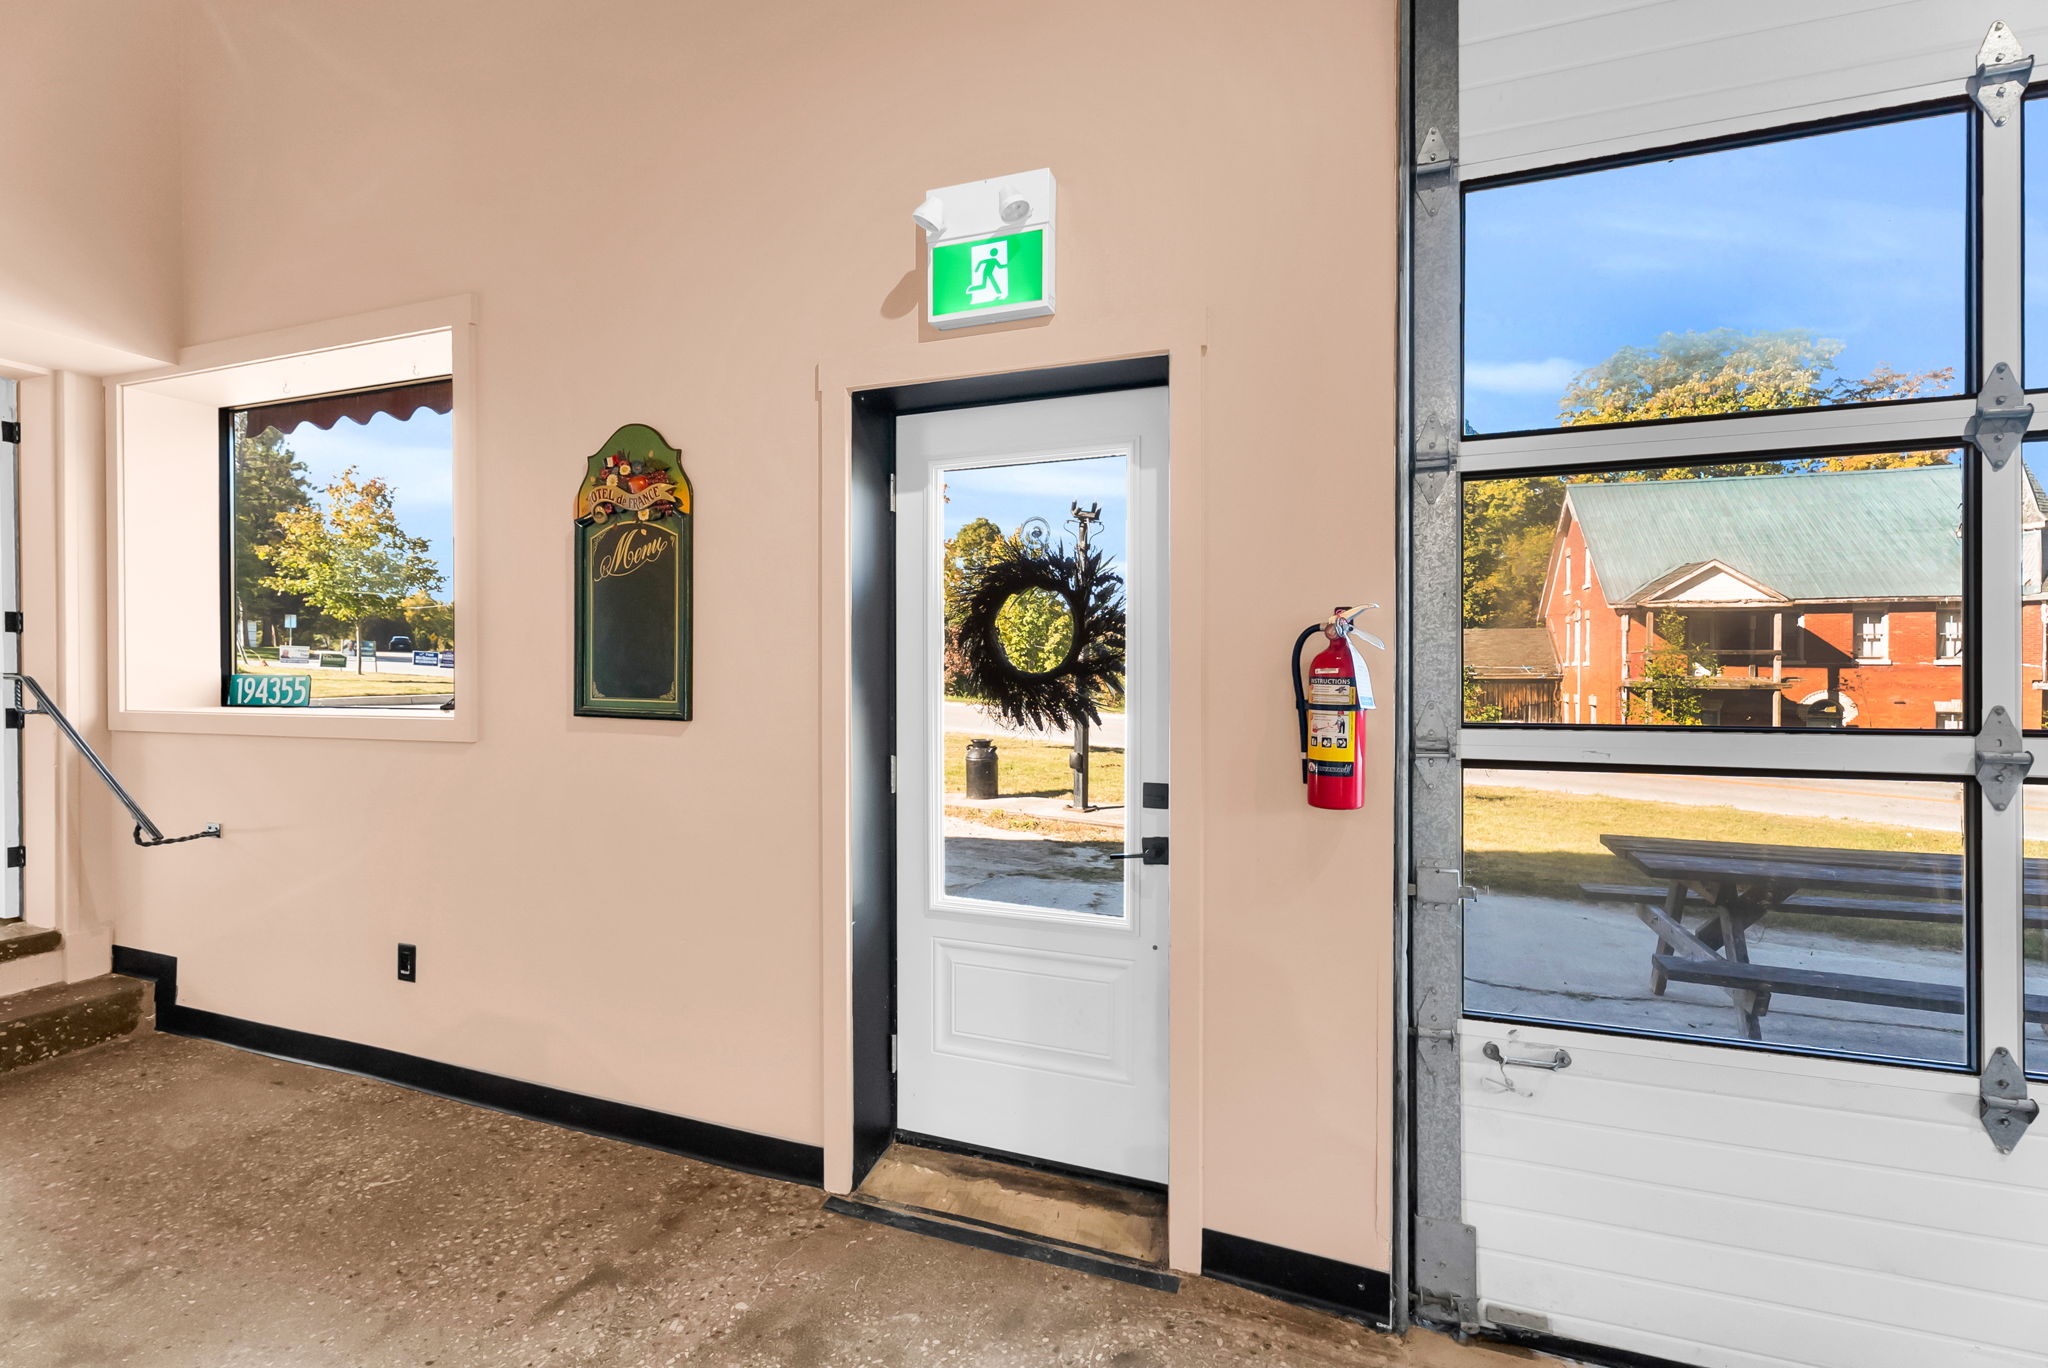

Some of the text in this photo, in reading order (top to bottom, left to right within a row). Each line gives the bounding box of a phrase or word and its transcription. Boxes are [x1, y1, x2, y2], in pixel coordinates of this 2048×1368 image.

[617, 494, 626, 506] de
[629, 486, 660, 509] FRANCE
[594, 529, 667, 581] Menu
[237, 677, 306, 704] 194355

========

» **What to do**: Please copy the data shown above precisely, leaving the images out.

» **Solution for this task**:
Some of the text in this photo, in reading order (top to bottom, left to right within a row). Each line gives the bounding box of a phrase or word and its transcription. Boxes are [x1, y1, x2, y2], in pixel coordinates of this 2048×1368 image.

[617, 494, 626, 506] de
[629, 486, 660, 509] FRANCE
[594, 529, 667, 581] Menu
[237, 677, 306, 704] 194355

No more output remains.